Pada Mei, Israel melonggarkan blokade total selama dua bulan terhadap pasokan yang masuk ke Gaza, tetapi pasokan tersebut tetap tidak memadai.
Badan-badan PBB berupaya mengatasi kesulitan logistik yang besar, pembatasan Israel yang berkelanjutan, dan hambatan birokrasi untuk memasok sejumlah kecil dapur umum dan toko roti. Sementara itu, truk komersial swasta mengangkut beras, gula, mi instan, dan bahan makanan kering lainnya dalam jumlah terbatas. Sayuran segar langka sementara harganya mencapai 50 dolar AS (37 pound sterling) per kilogram.
“Kisahnya sama – semangkuk sehari dari dapur umum, hampir selalu lentil atau nasi, dibagi di antara keluarga, orang tua melewatkannya agar anak-anak bisa makan. Tidak ada nutrisi. Tidak ada pilihan lain – bantuan langka, dan pasar terlalu mahal,” kata Ingram.
“Sangat jelas bahwa orang-orang kelaparan, bahwa ada bencana kelaparan yang terjadi di Kota Gaza, dan Deir al-Balah serta Khan Younis tidak jauh tertinggal,” kata juru bicara Unicef.
Warga menggambarkan diri mereka dihadapkan pada “pilihan yang mustahil”: tetap tinggal di rumah-rumah darurat di Kota Gaza dan berharap selamat dari kemungkinan serangan Israel atau mengungsi ke wilayah pesisir yang sangat padat penduduknya, di mana hanya ada sedikit ruang dan hampir tidak ada layanan, pasokan air, atau layanan kesehatan.
Para pekerja bantuan di al-Mawasi, zona pesisir utama yang ditetapkan Israel bagi mereka yang mengungsi dari Kota Gaza, mengatakan ratusan ribu orang yang terlantar telah memadati bukit pasir dan ladang-ladangnya.
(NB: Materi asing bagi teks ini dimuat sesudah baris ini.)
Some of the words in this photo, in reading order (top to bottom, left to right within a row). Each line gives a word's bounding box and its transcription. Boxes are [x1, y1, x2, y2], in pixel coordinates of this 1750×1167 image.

Sepetak lahan seukuran tenda di lahan kosong mana pun berharga setara dengan 300 dolar AS per bulan dan hanya ada sedikit ruang untuk para pendatang baru.
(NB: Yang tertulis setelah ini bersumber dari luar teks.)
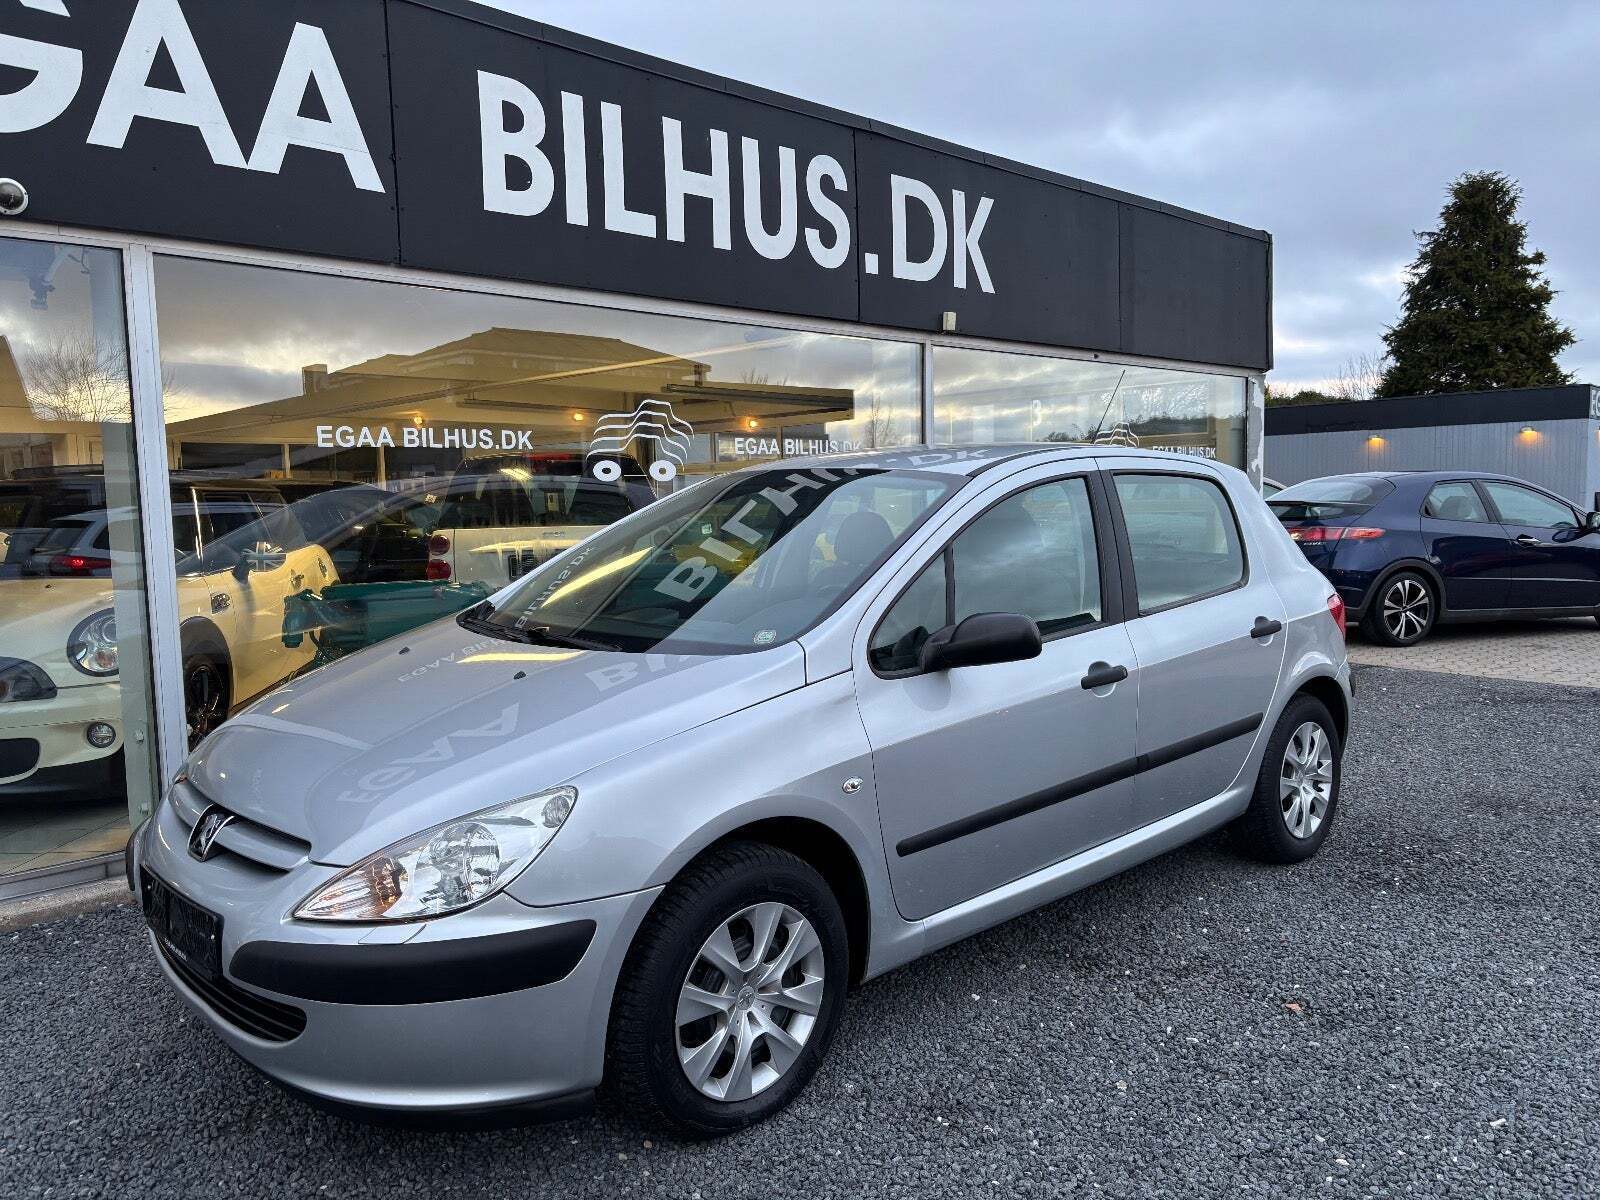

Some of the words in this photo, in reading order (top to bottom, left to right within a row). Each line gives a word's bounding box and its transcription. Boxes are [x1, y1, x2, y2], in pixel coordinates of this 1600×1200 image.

[477, 69, 996, 294] BILHUS.DK
[316, 425, 395, 448] EGAA
[403, 427, 533, 449] BILHUS.DK
[734, 437, 780, 455] EGAA
[784, 438, 862, 455] BILHUSDK
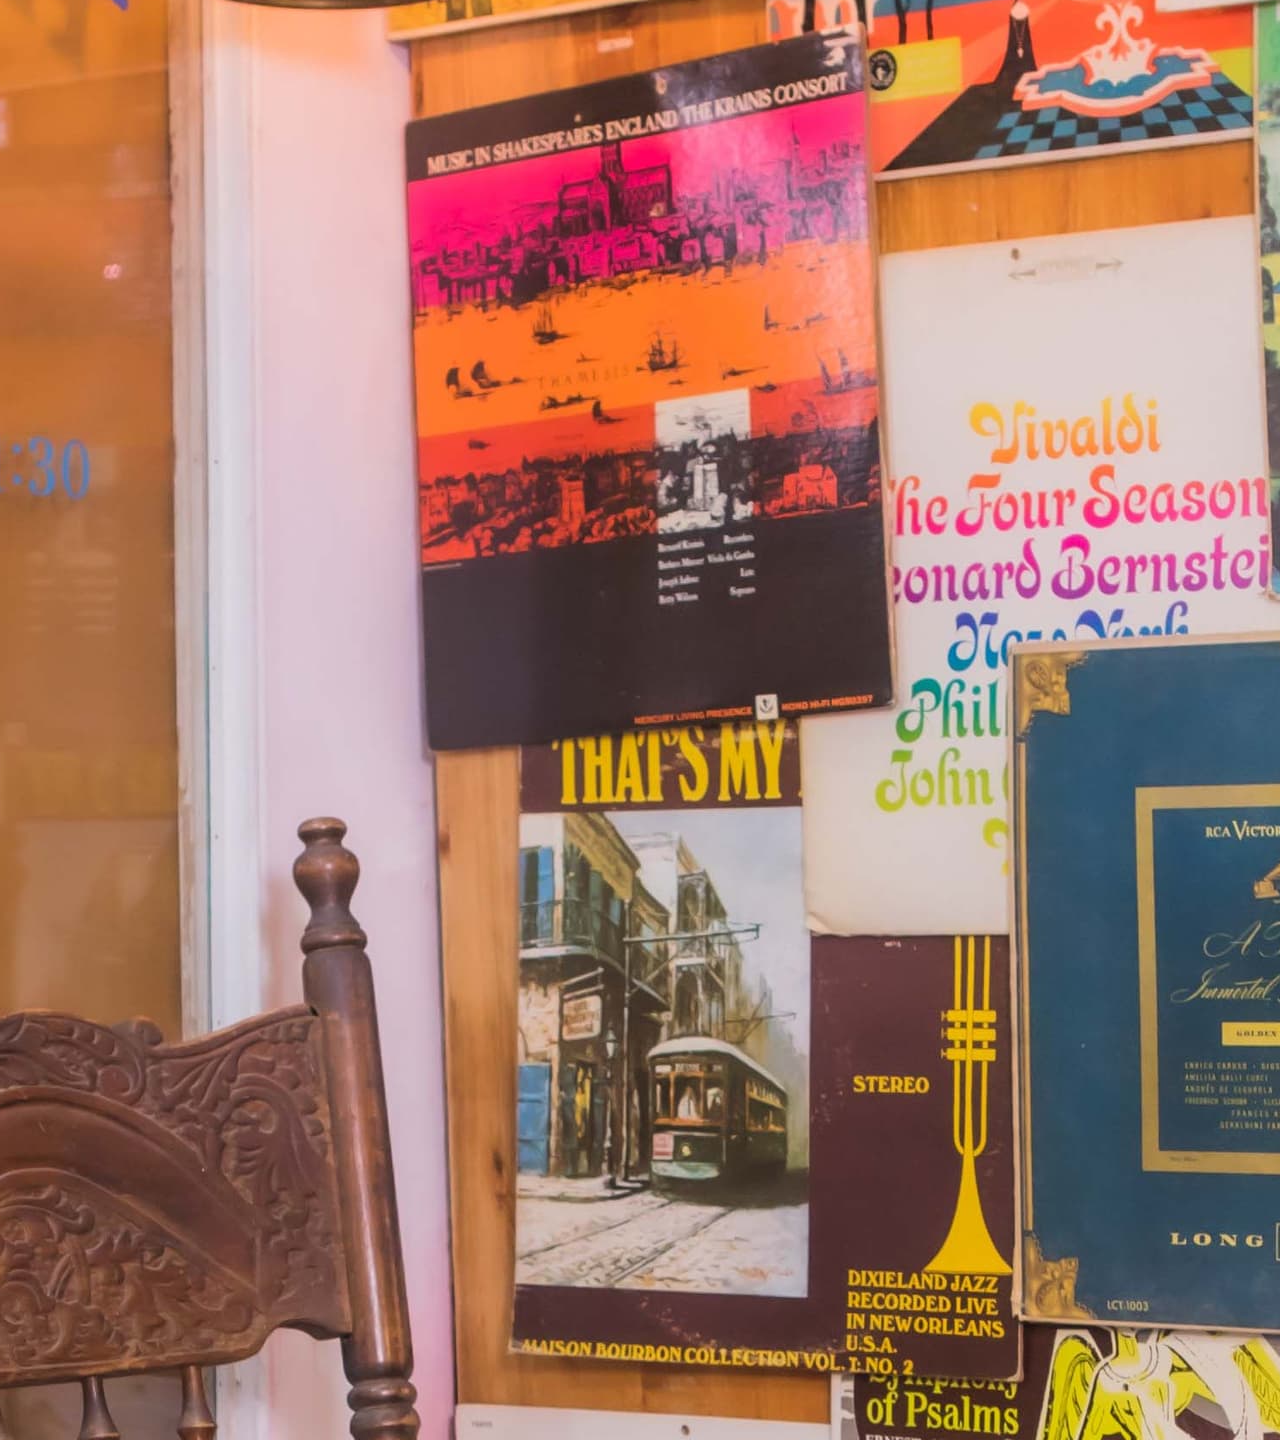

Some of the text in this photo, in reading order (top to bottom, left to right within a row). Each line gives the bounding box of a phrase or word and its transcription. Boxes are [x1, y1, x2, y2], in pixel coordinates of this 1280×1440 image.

[427, 71, 849, 177] MUSIC IN SHAKESPEARE'S ENGLAND THE KRAINIS CONSORT
[968, 392, 1162, 464] Vivaldi
[887, 474, 948, 537] he
[955, 473, 1077, 537] Four
[1051, 533, 1270, 600] Bernstei
[552, 719, 787, 805] THAT'S MY
[874, 747, 991, 813] John
[1205, 826, 1231, 839] RCA
[1203, 920, 1263, 958] A
[1235, 1029, 1278, 1038] GOLDEN
[852, 1074, 930, 1095] STEREO
[1169, 1232, 1264, 1248] LONG
[847, 1269, 999, 1294] DIXIELAND JAZZ
[846, 1312, 866, 1330] IN
[847, 1291, 999, 1316] RECORDED LIVE
[521, 1338, 914, 1376] MAISON BOURBON COLLECTION VOL. NO. 2
[846, 1334, 898, 1354] U.S.A.
[866, 1391, 1020, 1436] of Psalms
“Pasokan air tidak mencukupi, tenda dan tempat penampungan sangat rapuh, tidak ada tempat pembuangan sampah atau limbah padat, tidak ada tempat berteduh, dan tidak ada ruang untuk orang lain… Bahkan saat ini, tempat ini sama sekali tidak layak huni,” kata seorang pekerja bantuan di al-Mawasi.
Para pejabat Israel menyalahkan PBB karena gagal mendistribusikan bantuan dan telah berulang kali mengklaim Hamas mencuri sebagian besar bantuan tersebut, meskipun sebuah laporan internal pemerintah AS menyatakan hal ini tidak benar.
Bulan lalu, Klasifikasi Fase Keamanan Pangan Terpadu (IPC), sebuah organisasi yang diakui secara global yang mengklasifikasikan tingkat keparahan kerawanan pangan dan malnutrisi, menemukan bahwa tiga ambang batas utama kelaparan telah terpenuhi di Kota Gaza.